Remember this project? From July? Well, seeing the Wood and Woven merchant at Gulf Wars reminded me that I was OH-SO-CLOSE to having my own 5 yards of 20" wide diamond twill, without paying $30/yard for it. It is cotton, but still...
Magical, watching the pattern appear. If one didn't know about all the painstaking threading, it would seem easy. Though, see those loose threads? They're loose because I'd made a threading error, and at first the pattern showed up like this:
Can you see the error? Hint, it's dead center. Look for where the diamonds don't line up. Here's a help:
A bit left of center in this picture is an incomplete diamond, and, if you look closely, you can see two pairs of doubled threads. If I'd continued weaving this, this error would have repeated all the way down the whole 5 yard length, creating a jog in the pattern. Ick. What to do?

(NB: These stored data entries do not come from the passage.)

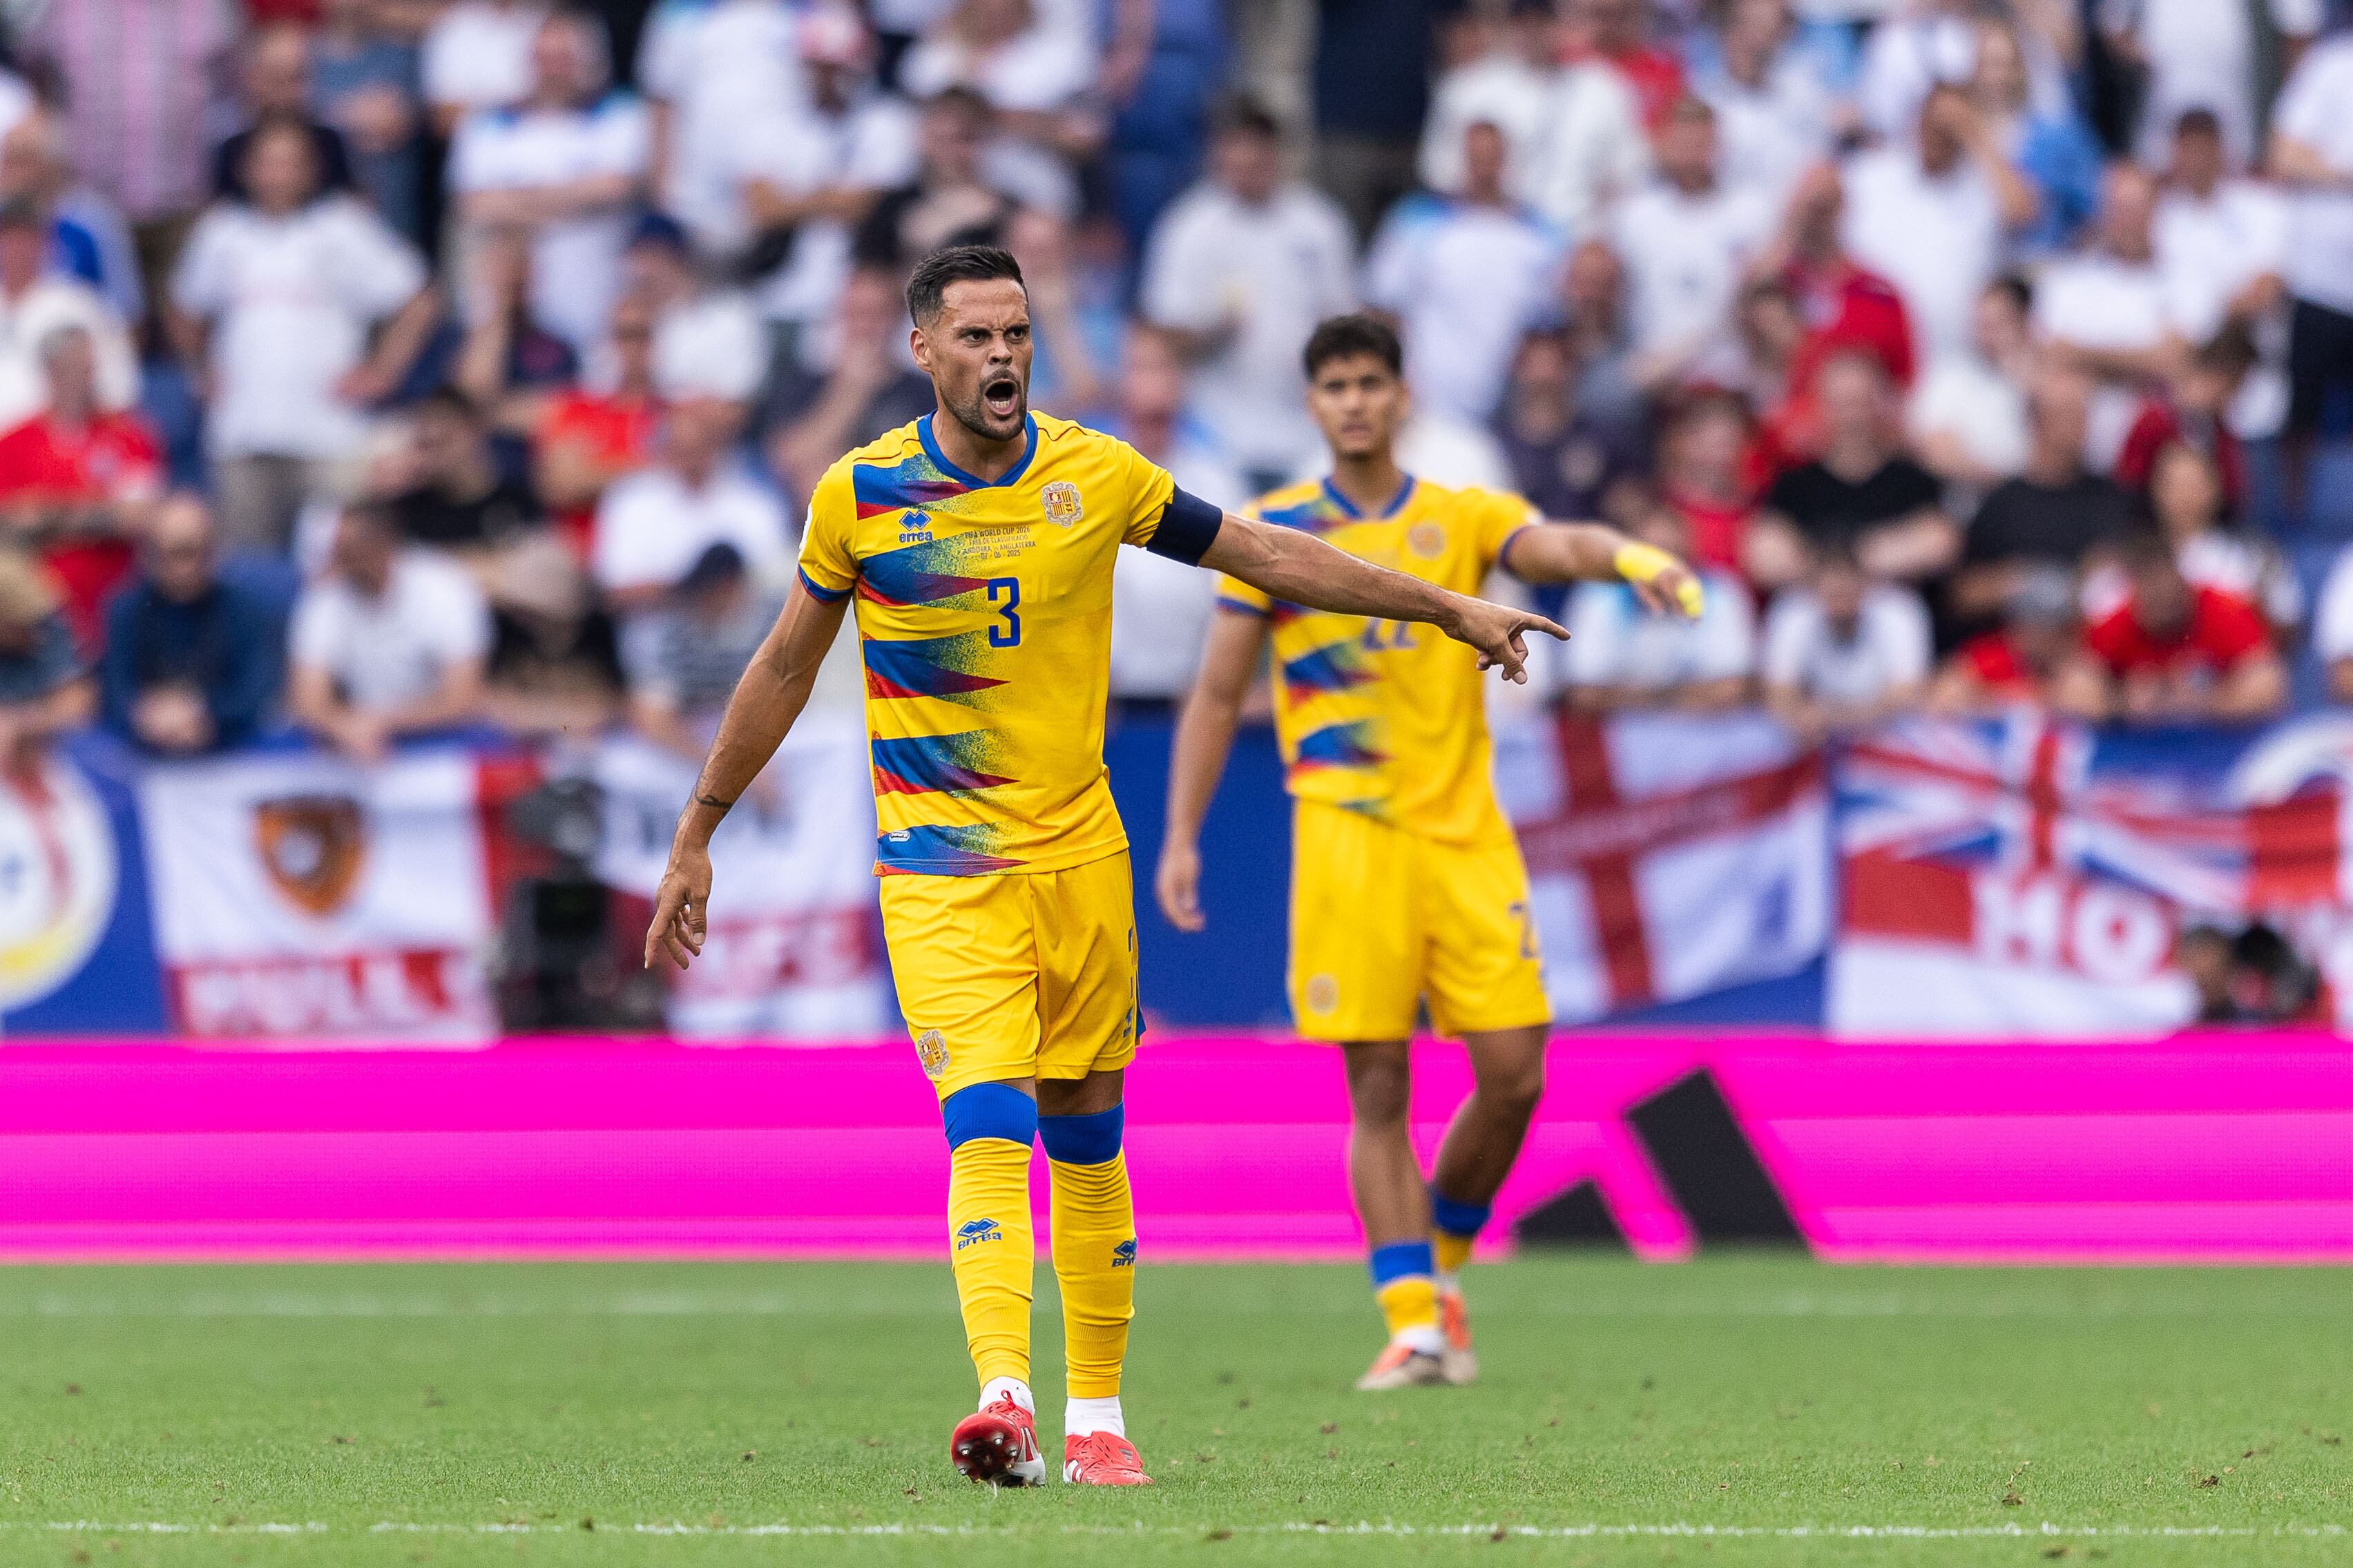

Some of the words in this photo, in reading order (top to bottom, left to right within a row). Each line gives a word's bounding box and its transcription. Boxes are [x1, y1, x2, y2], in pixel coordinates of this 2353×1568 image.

[979, 528, 1001, 537] WORLD
[1003, 527, 1015, 535] CUP
[1017, 525, 1030, 534] 2026
[1000, 541, 1037, 551] ANGLATERRA
[1007, 550, 1021, 558] 2025
[988, 577, 1021, 648] 3

Well, it's nice to be learning on slick cotton, and find the mistake soon. You untie the warp threads, pull them out of the woven piece, re-thread them through the correct heddles, and weave them back, that's what you do.

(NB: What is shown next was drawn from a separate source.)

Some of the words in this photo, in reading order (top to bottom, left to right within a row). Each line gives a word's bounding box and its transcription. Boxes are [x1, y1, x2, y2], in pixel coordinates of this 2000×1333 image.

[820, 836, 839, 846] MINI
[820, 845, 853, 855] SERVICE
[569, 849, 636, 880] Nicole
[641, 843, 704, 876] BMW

Kind of scary, but I told myself "it's like frogging knitting", and pressed on. The worst thing would have been that I'd somehow gotten off the entire repeat sequence, which meant that not only these six threads were wrong, but there was no way to put them in right and have the diamonds meet up again, but fortunately that didn't happen. As I thought about it more, I realized it didn't happen because I took the extra step of dividing up my threads and heddles into repeats of twelve, per my pattern, so there was a consistent measure to return to.
I wove another foot after supper last night, and realized how to dance the treadles to keep up with where I am in the pattern, so I'm getting up some speed. I'm not sure what to do with this fabric. I could make a Viking apron with it, and actually match the Viking occasionally, but purple's not my favorite. I could make a very nice present out of it. I could perhaps sell it. I have a lot of colored cotton, and want to play around with trim next - I figure I can crank out 4 pieces of 4" trim at the same time, in the same structure, but in different colorways.
Anybody have any orders?
Their Highnesses are making a heavy push to up the quality of our gift baskets to other kingdoms. Seriously, if you saw what other kingdoms were giving us vs what we give in exchange you'd be mortified. Some hand-woven yardage would make an excellent contribution.
Posted by: Franklin Slaton | March 23, 2010 at 12:00 PM
$30/yard? Seriously?? I might have to think of my encore career post-retirement . . . . (anyone want to be my agent?)
Trim is much fun to weave. The problem with what you describe (doing several pieces at once) is that the edges won't be selvages. But for really great trim, go to the Davidson book, pick out a nicely complicated twill (3/1 twill have more variations) and thread up one repeat, plus maybe a stripe on each side (you might be able to match some documented trim). You only have to warp about 30 ends. I just used a belt shuttle to both weave and press in the weft rather than using the beater, so it goes pretty fast. I don't know if you ever saw the trim on Julie's black-and-red garb at San Luis--but that's how I made the trim.